It's rare enough for something like a film festival to find an audience in Spokane. But during the five years that it's been in operation, the evenings of full houses and exciting premieres have confirmed that not only can Spokane sustain a film festival, but that there's room for growth. This year, SpIFF (as the festival is acronymically known) expands beyond American and Canadian films to encompass movies from around the globe.
Festival director Bob Glatzer selects each of these movies based on one all-important principle: high quality. Every film in this year's lineup, and from past years' programs, distinguishes itself with decent production values and ambitious content. These are not dumbed-down, made-for-profit McMovies. Instead of easy solutions and clich & eacute;d questions, SpIFF's movies all engage the viewer with ambiguities. And they usually look as good as their bigger-budgeted counterparts, even though they've been made at a significantly lower cost. Consequently, the lessons their characters learn -- if any at all -- usually sit uneasily with our expectations of cinema. SpIFF gives Spokane filmgoers a chance to have their movie-going habits challenged by work that dares to ask harder questions and yield more complicated answers. The festival presents attendees with films that respect them as viewers and offers them the chance of enrichment as art lovers. It is, in short, the type of festival that anyone who has ever complained about Spokane's lack of movie selections should attend.
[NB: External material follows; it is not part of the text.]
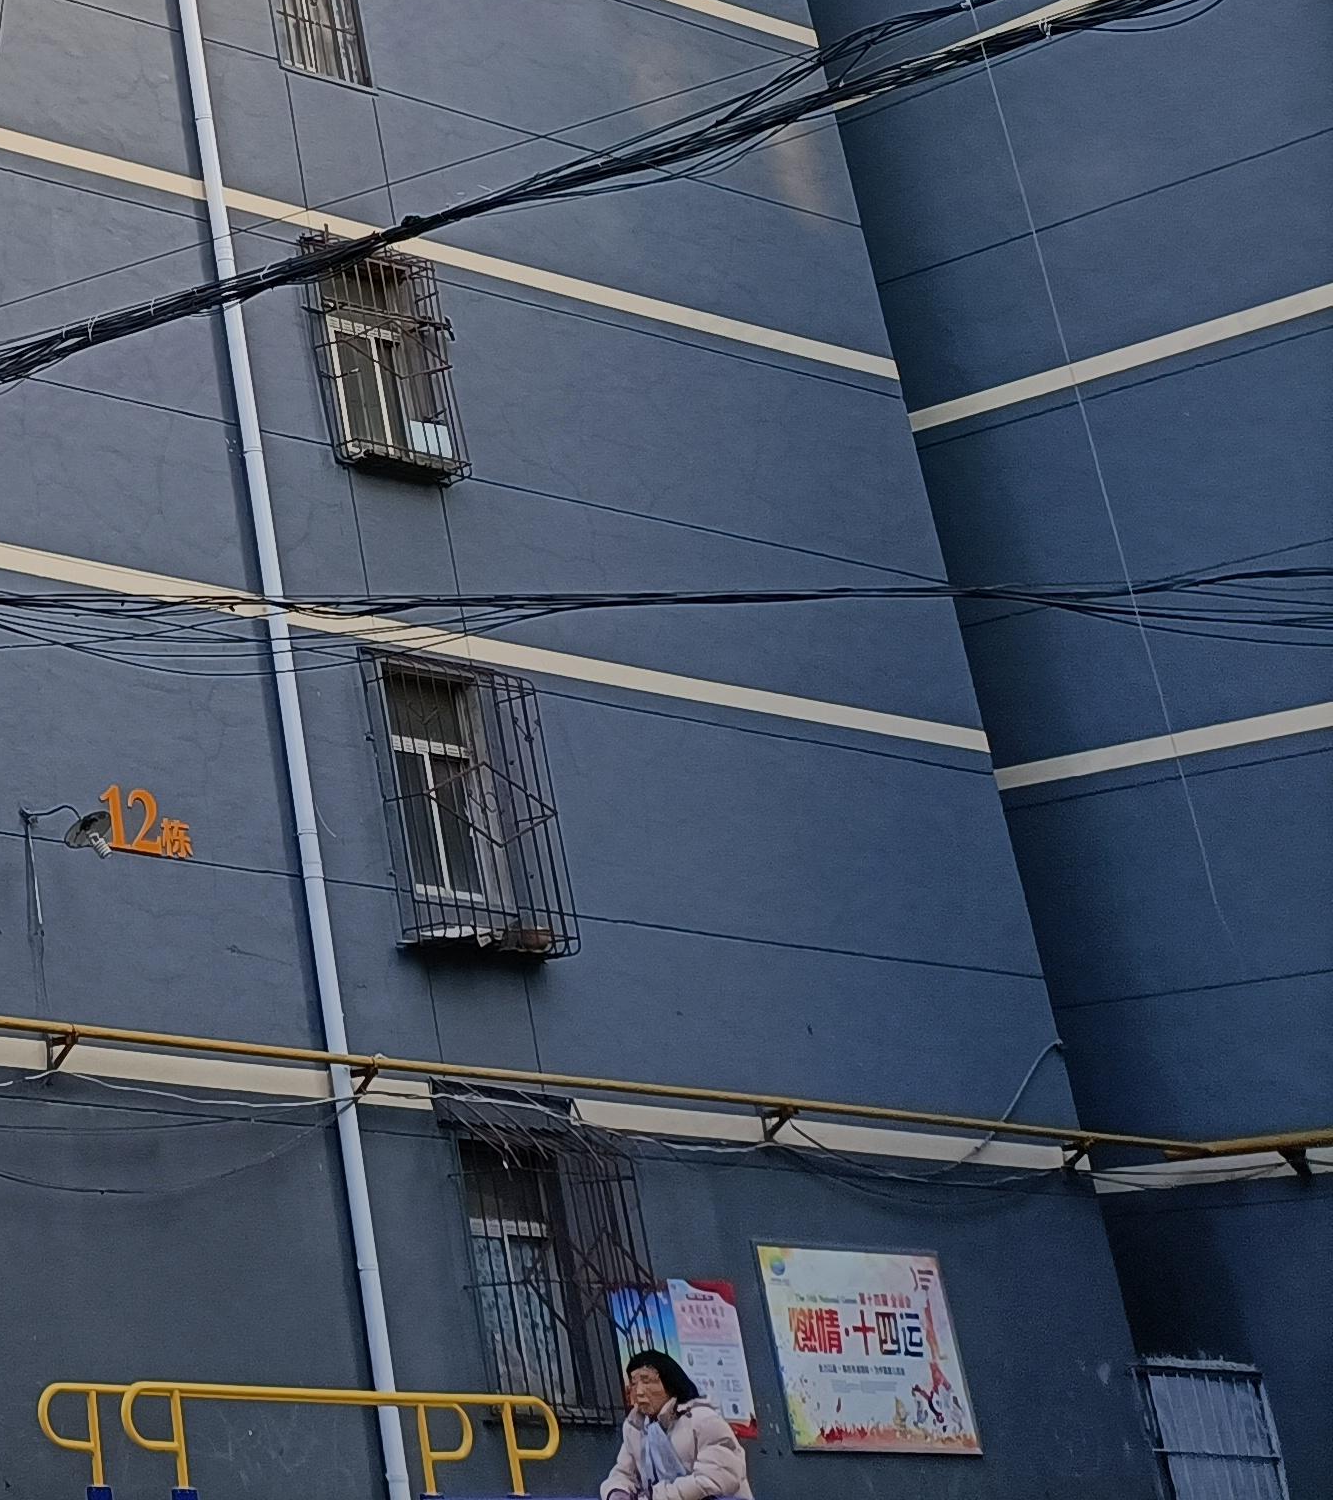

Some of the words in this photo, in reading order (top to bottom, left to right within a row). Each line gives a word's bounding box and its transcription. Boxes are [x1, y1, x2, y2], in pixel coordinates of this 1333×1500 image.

[99, 784, 193, 857] 12栋
[788, 1307, 923, 1357] 燃情·十四运
Spokane's film festival changed its acronym this year from SNIFF to SpIFF, reflecting a conversion from Northwest films to International films. As a result, this year's festival will lead with a gala screening at AMC 20 Theaters of the Argentinean film Kamchatka, which was an Academy Award nominee in 2003 for Best Foreign Language Film. The film is set in Argentina in the mid-1970s and relates the tensions of a liberal family on the run from the new fascist regime. It's told from the perspective of a precocious 10-year-old boy who watches television, obsesses over Harry Houdini, and plays Risk with his family. It's the sort of film that rarely receives widespread distribution, blossoming instead in festival lineups, where committees tend to look for larger themes in small specific stories.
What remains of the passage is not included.